I'm working on the derivation of the Casimir energy from quantum field theory. From the K-G equation (with $c=1$ and $\hbar=1)$ I found the vacuum energy:

$$\langle 0|H|0\rangle=E_{vac}=V\int_{-\infty}^{+\infty} d^3p\ \frac{1}{2}E_p$$

where $V$ is an arbitrary large volume (hence $E_{vac}$ is infinite). However, when trying to calculate the vaccum energy for a region between plates separated by a distance $a$, I had trouble finding a solution to the K-G equation with boundary conditions. We have the K-G equation to be

$$(\partial^2_t-\nabla^2+m^2)\psi=0 \, .$$

Which has the general solution, in terms of the creation and anhiquilation operators:

$$\psi (x,t)=\int d^3p\ \frac{1}{\sqrt{2E_p}}(\hat{a}e^{-ip\cdot x}+\hat{a}^\dagger e^{+ip\cdot x}) \, .$$

For simplicity, let's suppose the two plates are situation in $x_1=0$ and $x_1=L$, so our field must satisfy $\psi(x_1=0)=\psi(x_1=L)=0$. This leads to \begin{align} \psi(x=0,t) &= \int d^3p\ \frac{1}{\sqrt{2E_p}}(\hat{a}e^{-ip_\| \cdot x_\|}+\hat{a}^\dagger e^{+ip_\|\cdot x_\|})=0 \\ &= \int d^3p\ \frac{1}{\sqrt{2E_p}}(\hat{a}e^{-ip_\| \cdot x_\|}e^{-ip_1L}+\hat{a}^\dagger e^{+ip_\|\cdot x_\|}e^{ip_1L})=0 \, . \end{align}

Where I introduced the notation $p_\|\cdot x_\|=E_pt-p_2x_2-p_3x_3$ to denote the directions parallel to the plates (not sure if this helps). However, I cannot find a way to arrange the coefficients so I can get an expression (out of intuition I think some sinus should appear, but I can't justify it). How can I do that (this is the massless case)?


1 Answer 1


The problem with your attempt is that you are trying to impose the Dirichlet boundary conditions on a solution of the KG equation which already satisfies periodic boundary conditions (i.e. infinite volume solution) hence the contradictions you run into.

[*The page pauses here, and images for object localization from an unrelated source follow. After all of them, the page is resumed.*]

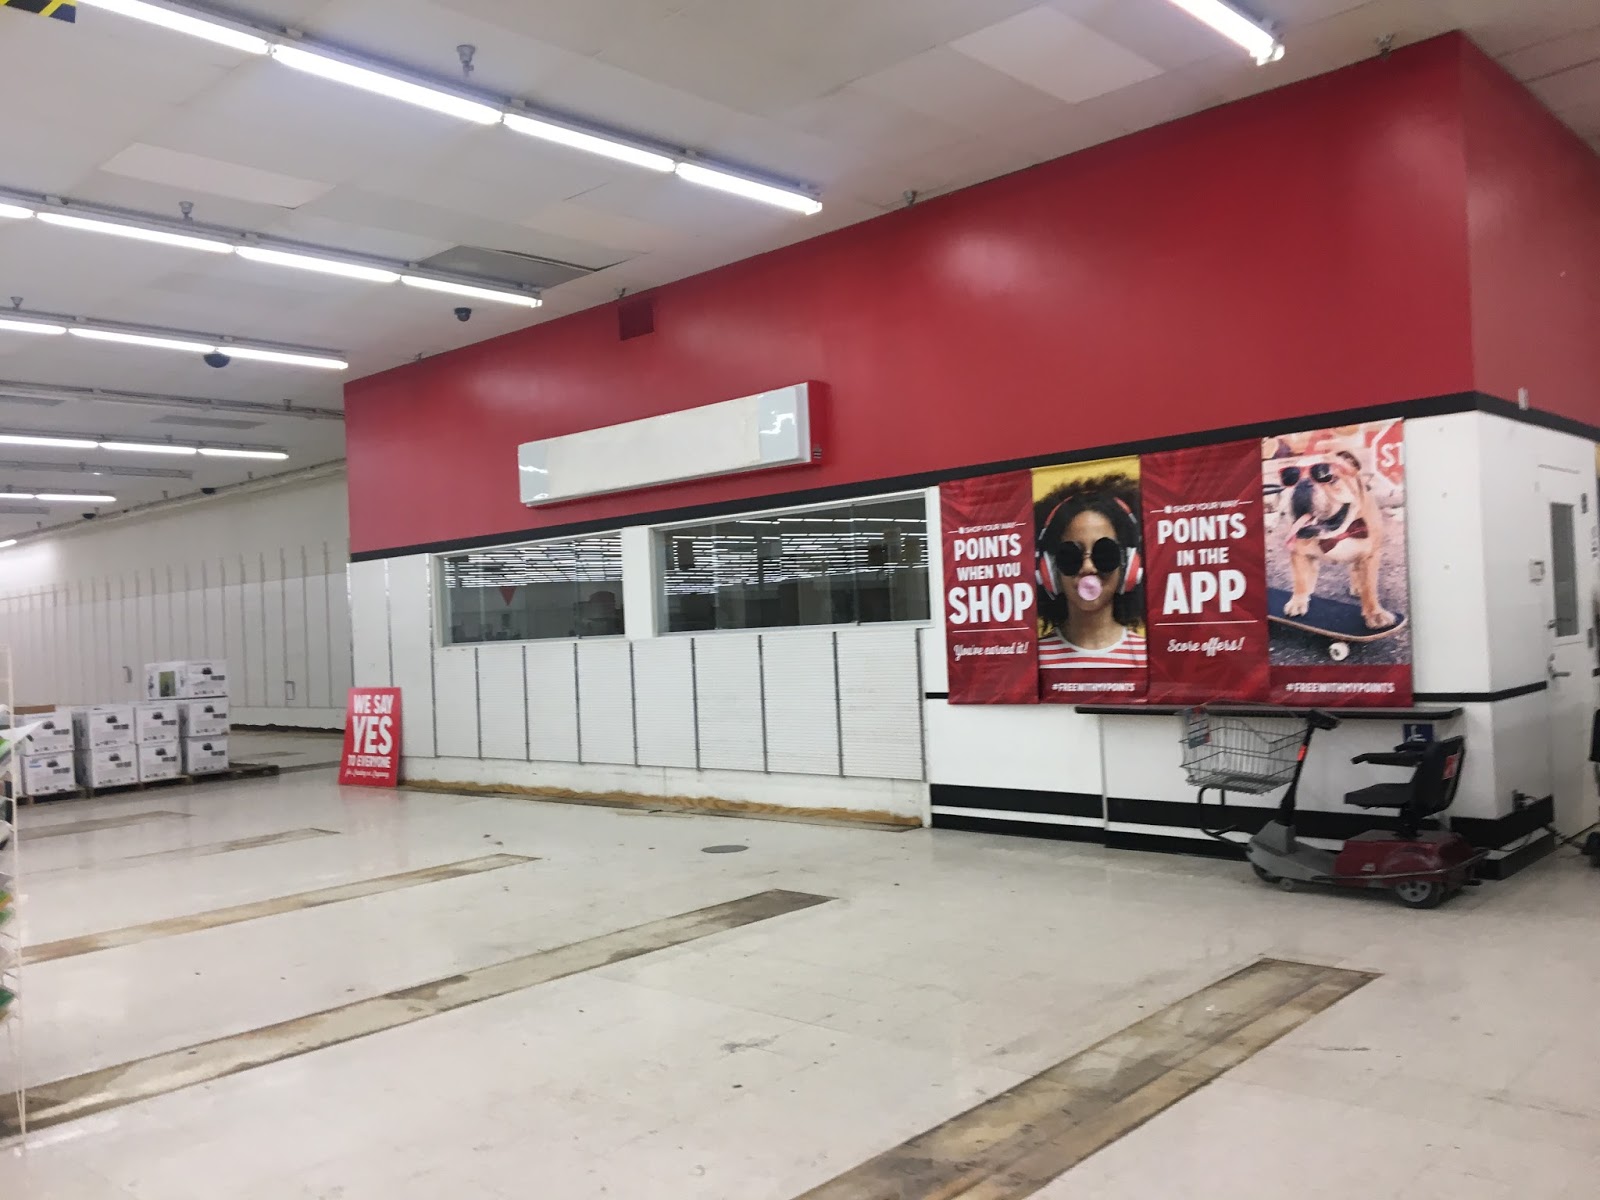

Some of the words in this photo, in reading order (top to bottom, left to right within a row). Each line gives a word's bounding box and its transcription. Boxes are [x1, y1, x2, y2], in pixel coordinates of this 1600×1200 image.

[1172, 504, 1195, 514] SHOP
[1195, 502, 1219, 511] YOUR
[1157, 512, 1247, 545] POINTS
[953, 533, 1022, 562] POINTS
[1177, 549, 1195, 567] IN
[1198, 546, 1230, 566] THE
[956, 564, 994, 581] WHEN
[996, 561, 1021, 578] YOU
[948, 582, 1034, 625] SHOP
[1162, 569, 1247, 615] APP
[1167, 638, 1200, 653] Score
[1200, 636, 1246, 657] offers!
[353, 694, 372, 714] WE
[373, 694, 394, 715] SAY
[352, 715, 393, 755] YES
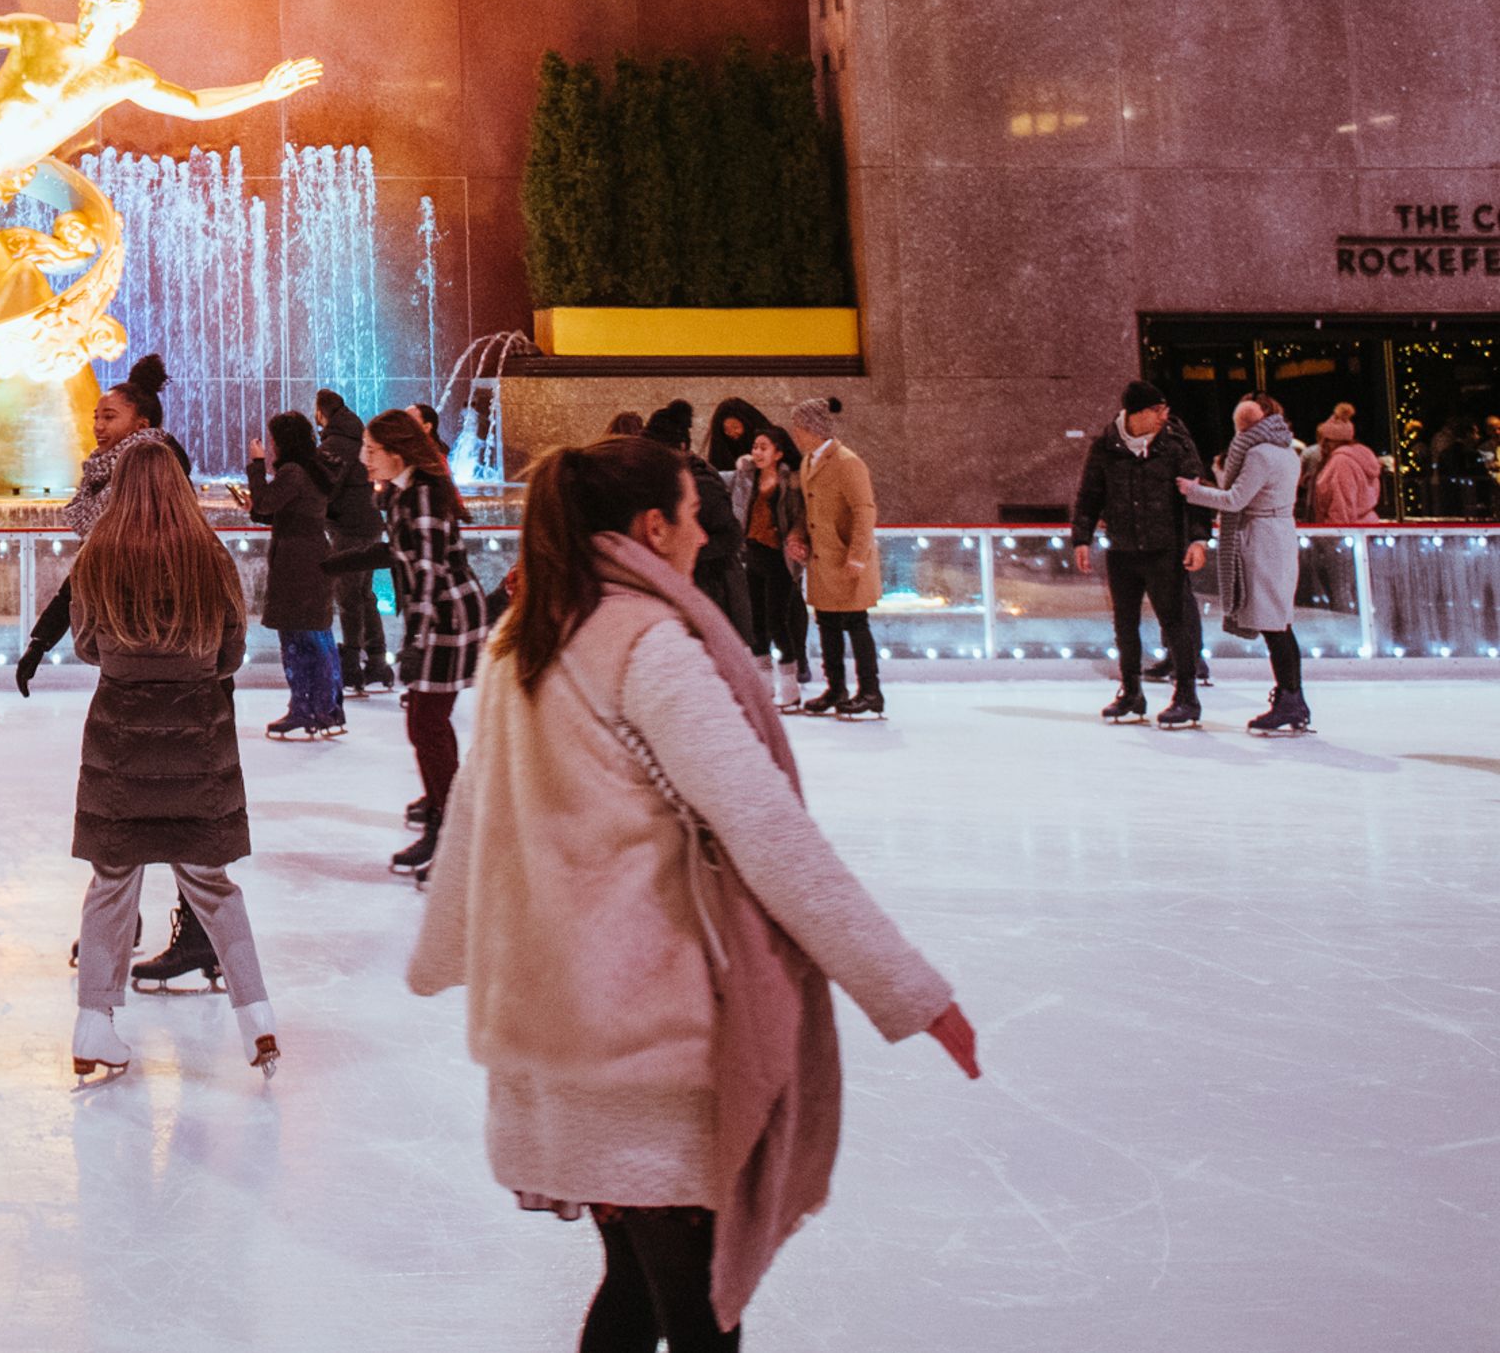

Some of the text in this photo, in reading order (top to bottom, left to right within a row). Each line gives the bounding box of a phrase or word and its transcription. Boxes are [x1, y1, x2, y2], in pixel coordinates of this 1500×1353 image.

The standard procedure to properly obtain the mode expansion of the scalar field is the following: you first have to find the positive and negative monochromatic solutions of the Klein-Gordon equation and then you put them together to find the most general solution, i.e. the field. In classical terms you basically build a wave packet from the plain wave solutions.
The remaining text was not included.